November 27th, 2009 - 10:01
I don't want to sound trite but this has been going on for years and years. It's called a "moral panic" and is, as you point out, quite ephemeral, quite complex and about creating sustainable narratives aligned to a certain perspective. This perspective is also cleverly constructed to appear "natural" making it harder to debunk.
The media have been doing this shit for years and years now.
There's a great book written about such things are constructed called Policing the Crisis (by Stuart Hall et al). It's about the moral panic created around "black muggers" in the 1970s. It's quite academic and has tons of research but really pulls apart the whole way this kind of shit is put together.

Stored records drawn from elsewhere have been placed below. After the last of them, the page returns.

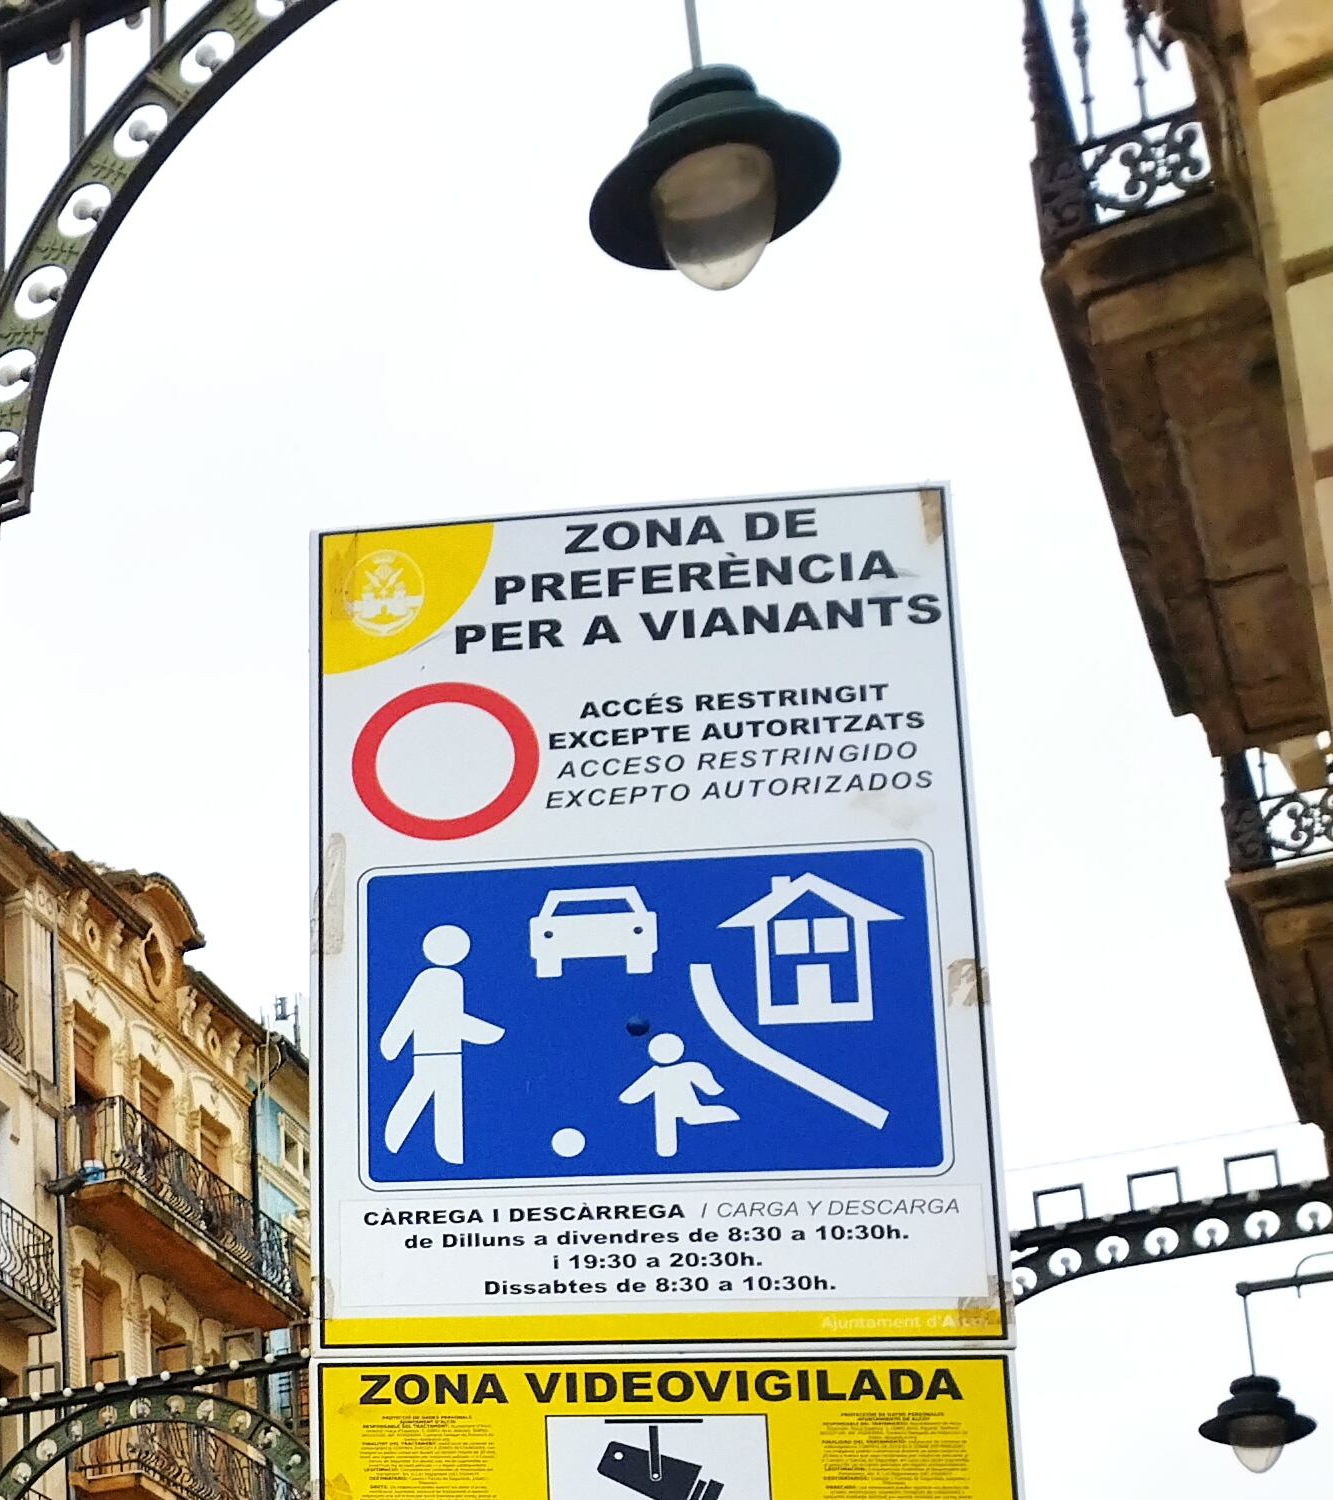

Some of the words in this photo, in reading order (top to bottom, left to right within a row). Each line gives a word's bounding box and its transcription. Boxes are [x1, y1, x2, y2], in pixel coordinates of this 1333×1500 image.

[564, 513, 724, 554] ZONA
[744, 508, 818, 541] DE
[494, 550, 900, 605] PREFERÈNCIA
[455, 618, 564, 655] PER
[582, 614, 621, 646] A
[638, 593, 942, 642] VIANANTS
[579, 694, 684, 719] ACCÉS
[695, 683, 890, 712] RESTRINGIT
[548, 724, 691, 750] EXCEPTE
[701, 710, 926, 741] AUTORITZATS
[556, 754, 685, 779] ACCESO
[697, 740, 918, 771] RESTRINGIDO
[544, 783, 691, 809] EXCEPTO
[701, 770, 933, 800] AUTORIZADOS
[363, 1208, 484, 1226] CÀRREGA
[493, 1208, 499, 1223] I
[508, 1202, 685, 1223] DESCÀRREGA
[717, 1201, 799, 1218] CARGA
[809, 1201, 822, 1216] Y
[828, 1198, 961, 1216] DESCARGA
[404, 1235, 433, 1249] de
[443, 1232, 525, 1249] Dilluns
[534, 1234, 548, 1247] a
[556, 1228, 679, 1246] divendres
[688, 1227, 719, 1243] de
[728, 1226, 782, 1242] 8:30
[791, 1228, 806, 1241] a
[815, 1224, 909, 1240] 10:30h.
[553, 1254, 560, 1270] i
[568, 1253, 637, 1270] 19:30
[645, 1256, 661, 1269] a
[670, 1251, 763, 1268] 20:30h.
[484, 1279, 607, 1296] Dissabtes
[616, 1277, 647, 1293] de
[655, 1276, 709, 1292] 8:30
[718, 1278, 733, 1291] a
[742, 1275, 836, 1291] 10:30h.
[822, 1316, 922, 1331] Ajuntament
[359, 1373, 509, 1405] ZONA
[525, 1368, 964, 1404] VIDEOVIGILADA
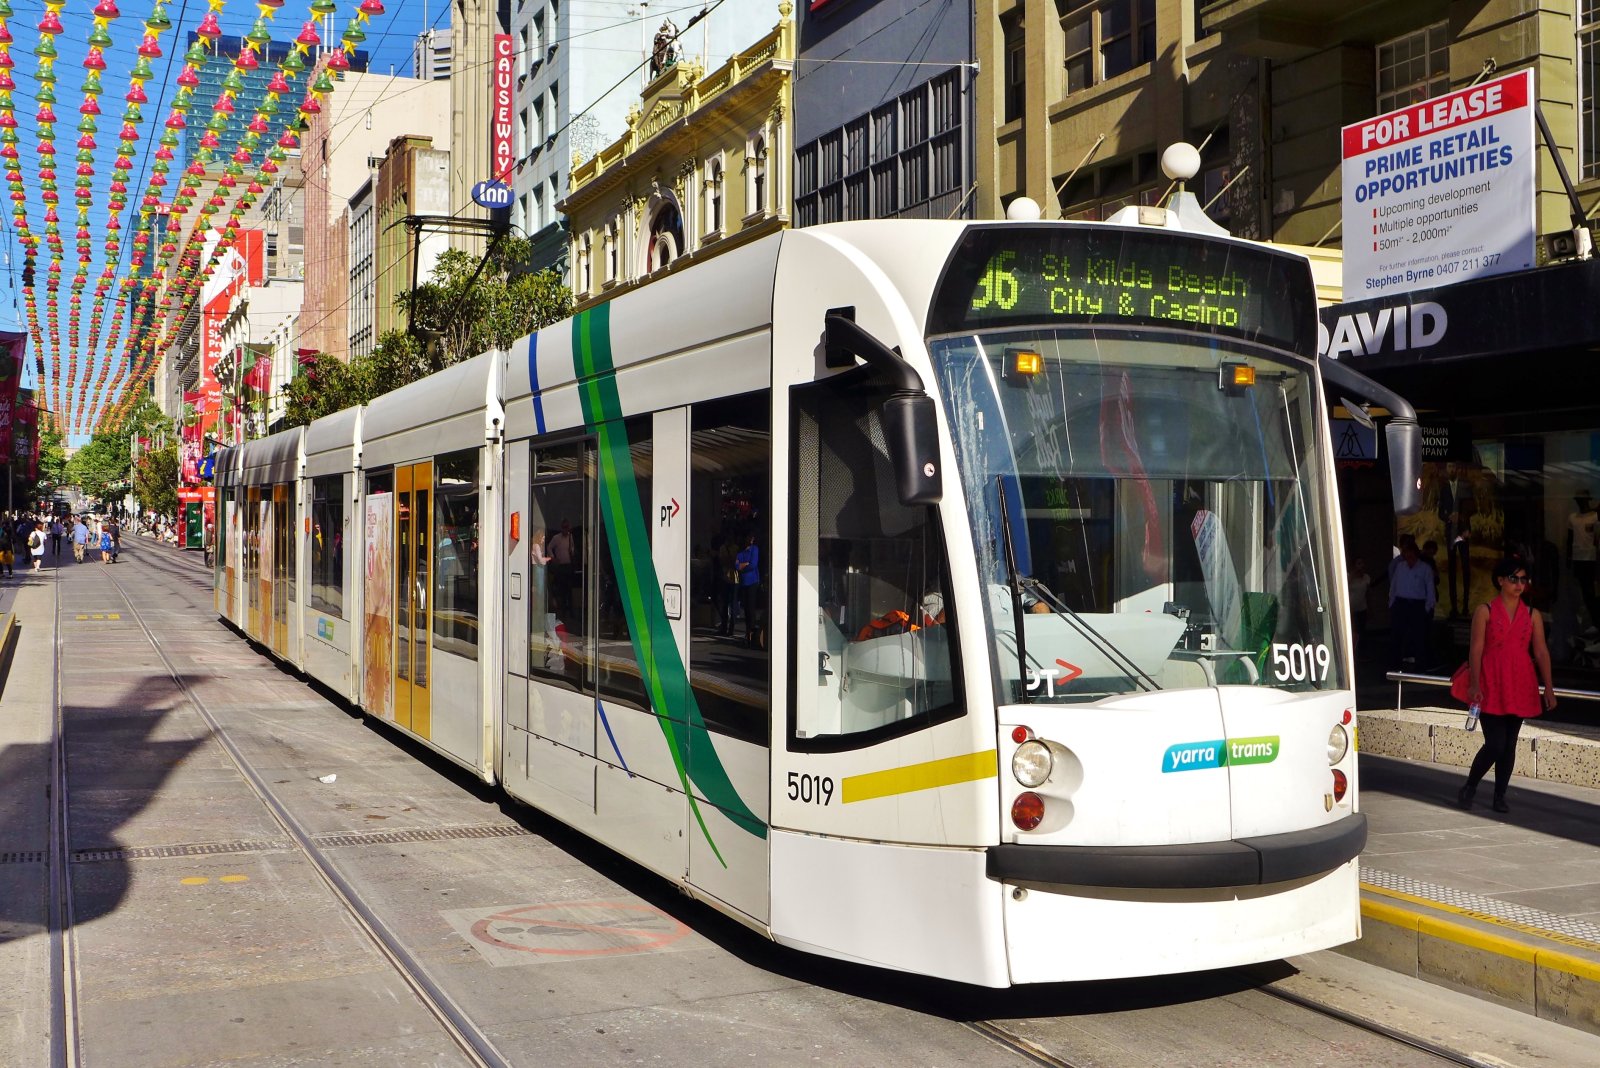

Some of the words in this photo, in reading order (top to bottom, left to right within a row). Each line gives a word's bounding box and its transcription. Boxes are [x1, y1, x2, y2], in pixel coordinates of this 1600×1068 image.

[497, 40, 511, 172] CAUSEWAY
[1362, 114, 1410, 150] FOR
[1418, 84, 1503, 133] LEASE
[1365, 145, 1423, 178] PRIME
[1430, 124, 1500, 161] RETAIL
[480, 183, 508, 203] Inn
[1355, 145, 1513, 203] OPPORTUNITIES
[1379, 197, 1425, 218] Upcoming
[1427, 180, 1491, 207] development
[1379, 217, 1414, 234] Multiple
[1416, 203, 1479, 227] opportunities
[1365, 274, 1404, 290] Stephen
[1406, 268, 1434, 284] Byrne
[1436, 261, 1460, 276] 0407
[1462, 258, 1479, 271] 211
[1482, 253, 1501, 268] 377
[1441, 250, 1460, 261] please
[1042, 254, 1071, 282] St
[1087, 257, 1154, 290] Kilda
[1168, 265, 1247, 297] Beach
[1050, 287, 1103, 315] City
[1119, 292, 1136, 316] &
[1150, 295, 1238, 327] Casino
[1319, 301, 1448, 360] AVID
[1273, 643, 1330, 682] 5019
[1171, 747, 1215, 768] yarra
[1231, 738, 1273, 758] trams
[787, 772, 834, 806] 5019
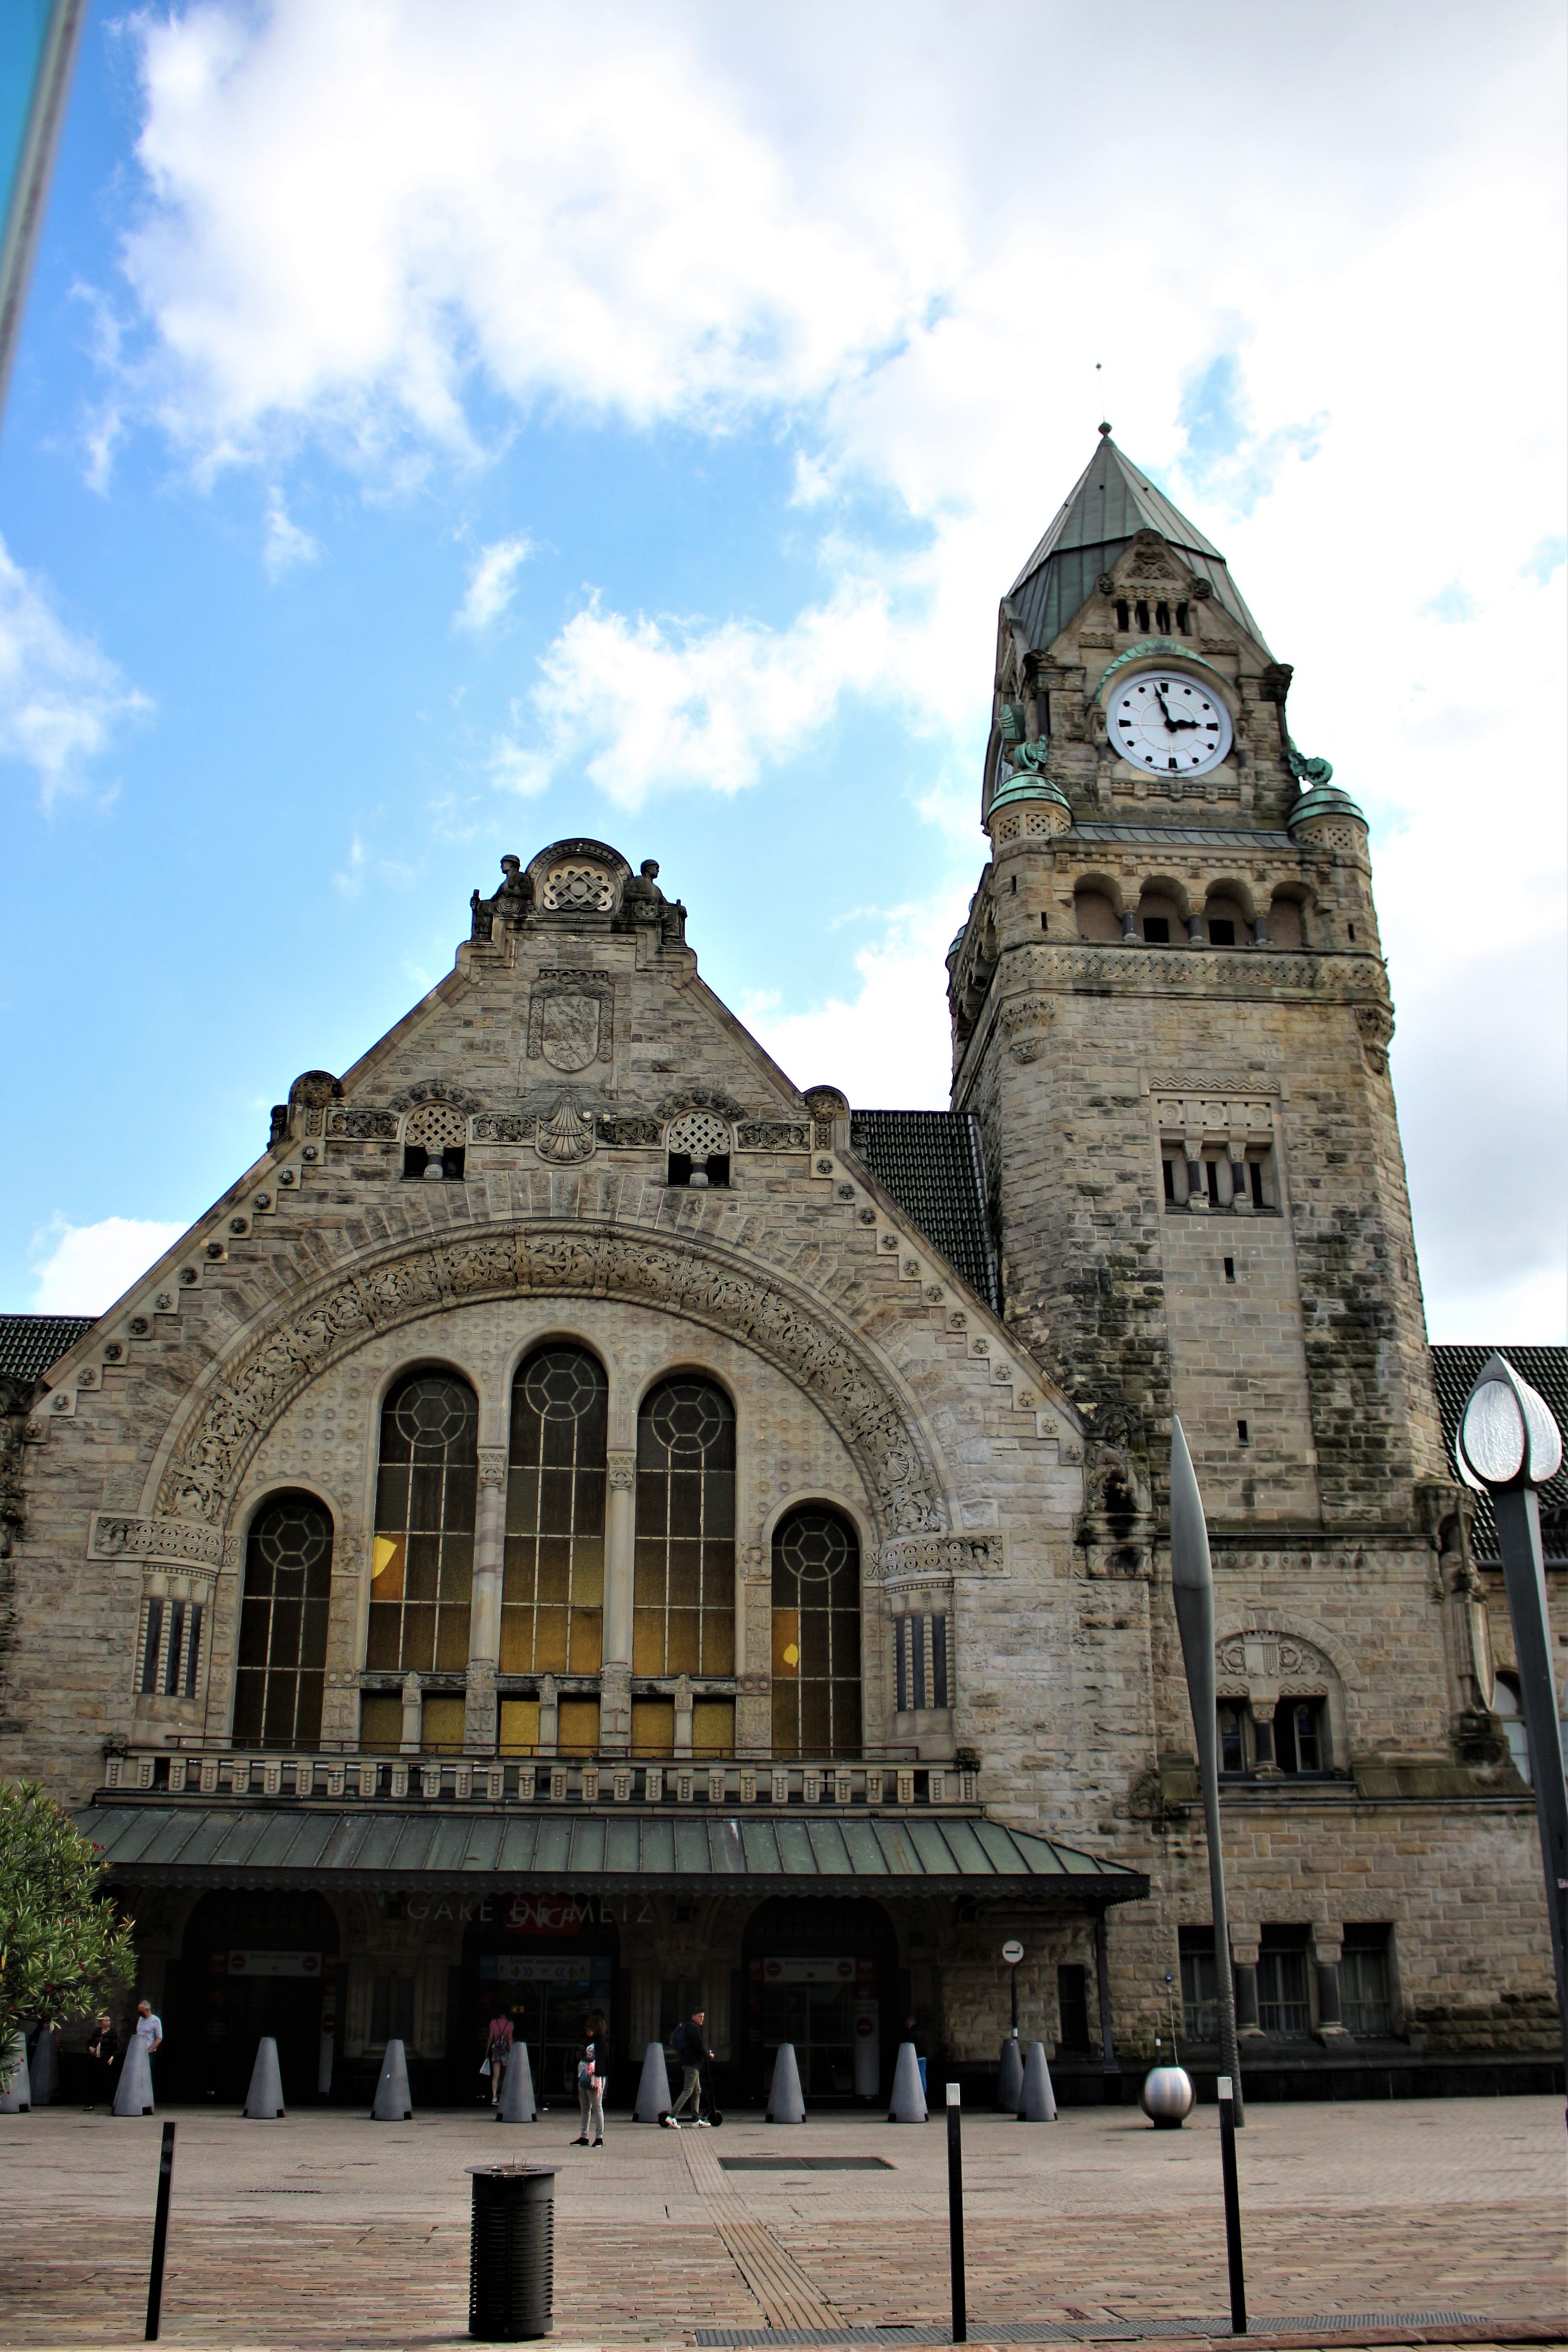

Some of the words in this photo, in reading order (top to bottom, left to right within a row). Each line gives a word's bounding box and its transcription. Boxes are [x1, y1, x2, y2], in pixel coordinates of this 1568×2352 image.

[406, 1898, 493, 1921] GARE
[512, 1897, 549, 1922] DE
[567, 1899, 653, 1922] METZ
[506, 1907, 582, 1928] SNCF
[509, 1957, 533, 1965] Entrée
[535, 1958, 579, 1967] uniquement

November 27th, 2009 - 10:09
As is usual with these sorts of stories, the comments are a hoot. If you are pressed for time I'd recommend a quick glance at the highest-rated comments. The Daily Mail really is a sponge for all the miserable, disaffected and hateful people in this country.
November 27th, 2009 - 10:14
Perhaps someone with greater experience in the computer graphics and photography field can shed some light on this:
The image presented in the Daily Mail report is clearly not the original image. Therefore it must be a recreation, no? If this is the case, then how can we be sure that it has not been 'enhanced' in some way? Why can't we see the original photograph to compare?
November 27th, 2009 - 10:37
Nobody ever went broke reinforcing people's prejudices – especially as a way to recruit them into their 'cause', whether that involves frightened masses lending their support, hard work or money.
For a really decent explanation of authoritarian tactics of this sort, as it is manifested in republicanism, journalism or religion(ism), see the excellent online book 'The Authoritarians' by Prof Bob Altemeyer:
http://home.cc.umanitoba.ca/~altemey/
In the end, The Daily Mail just wants to continue being The Daily Mail: it's found a niche that works, and they're all too appalling to abandon it for something that might work less well (and sell fewer copies) such as 'giving a shit about the truth'.
November 27th, 2009 - 16:36
I think they're trying to sell newspapers based on fear.
November 27th, 2009 - 17:46
12 of my 33 scouts have foreign born parents and I have a 2 year waiting list. I wonder if Sue Reid thinks I should kick them out in favour of "indigenous" kids?